How to handle rate limits

Prerequisites

This guide assumes familiarity with the following concepts:

You may find yourself in a situation where you are getting rate limited by the model provider API because you're making too many requests.

For example, this might happen if you are running many parallel queries to benchmark the chat model on a test dataset.

If you are facing such a situation, you can use a rate limiter to help match the rate at which you're making request to the rate allowed by the API.

Requires langchain-core >= 0.2.24

This functionality was added in langchain-core == 0.2.24. Please make sure your package is up to date.

Initialize a rate limiter

Langchain comes with a built-in in memory rate limiter. This rate limiter is thread safe and can be shared by multiple threads in the same process.

The provided rate limiter can only limit the number of requests per unit time. It will not help if you need to also limited based on the size of the requests.

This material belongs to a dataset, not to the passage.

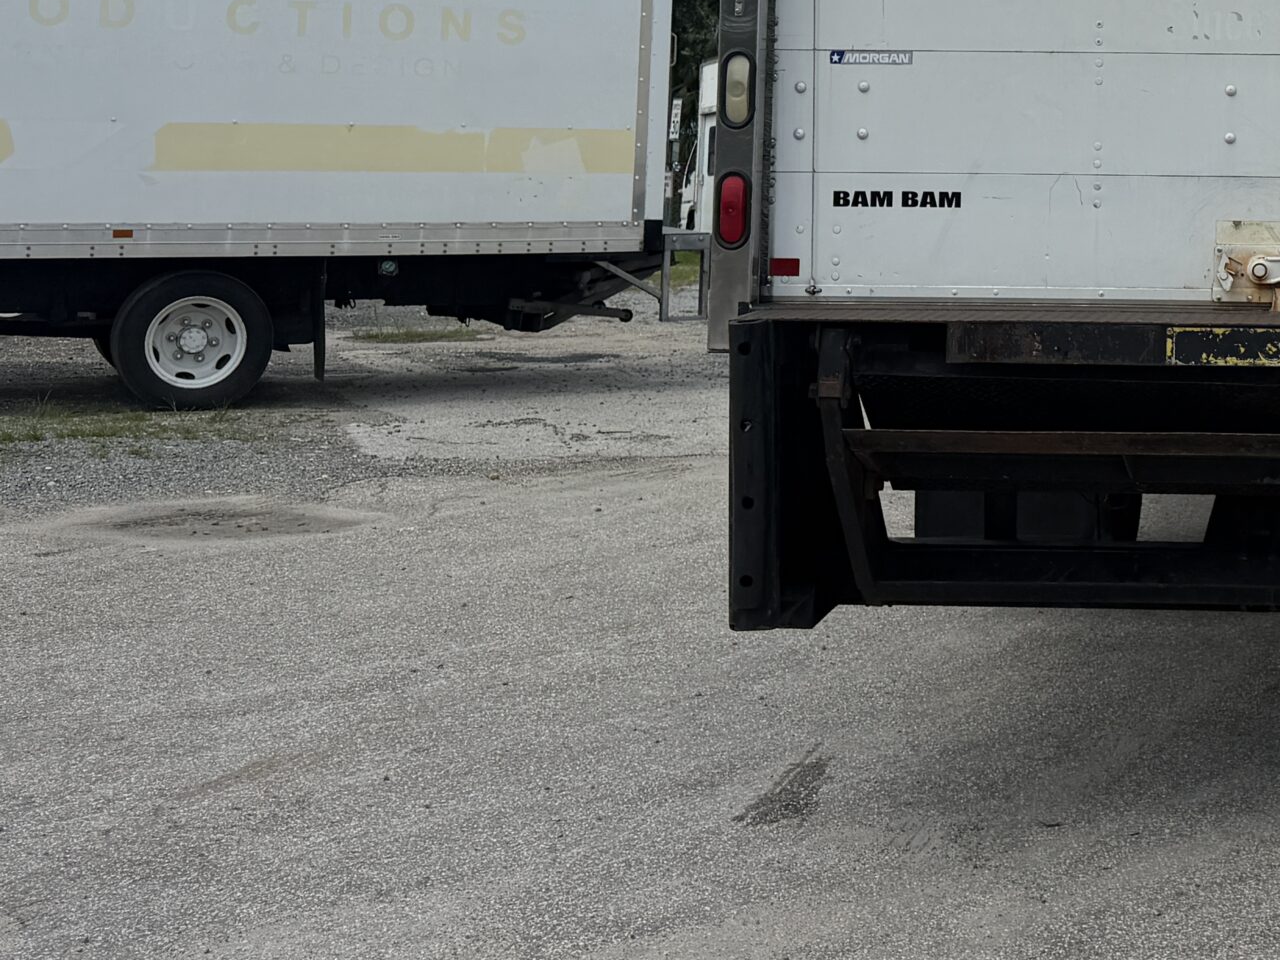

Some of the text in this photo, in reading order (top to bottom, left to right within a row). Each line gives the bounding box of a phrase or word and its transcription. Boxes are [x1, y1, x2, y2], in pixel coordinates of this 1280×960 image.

from langchain_core.rate_limiters import InMemoryRateLimiter

rate_limiter = InMemoryRateLimiter(
    requests_per_second=0.1,  # <-- Super slow! We can only make a request once every 10 seconds!!
    check_every_n_seconds=0.1,  # Wake up every 100 ms to check whether allowed to make a request,
    max_bucket_size=10,  # Controls the maximum burst size.
)

API Reference:InMemoryRateLimiter

Choose a model

Choose any model and pass to it the rate_limiter via the rate_limiter attribute.

import os
import time
from getpass import getpass

if "ANTHROPIC_API_KEY" not in os.environ:
    os.environ["ANTHROPIC_API_KEY"] = getpass()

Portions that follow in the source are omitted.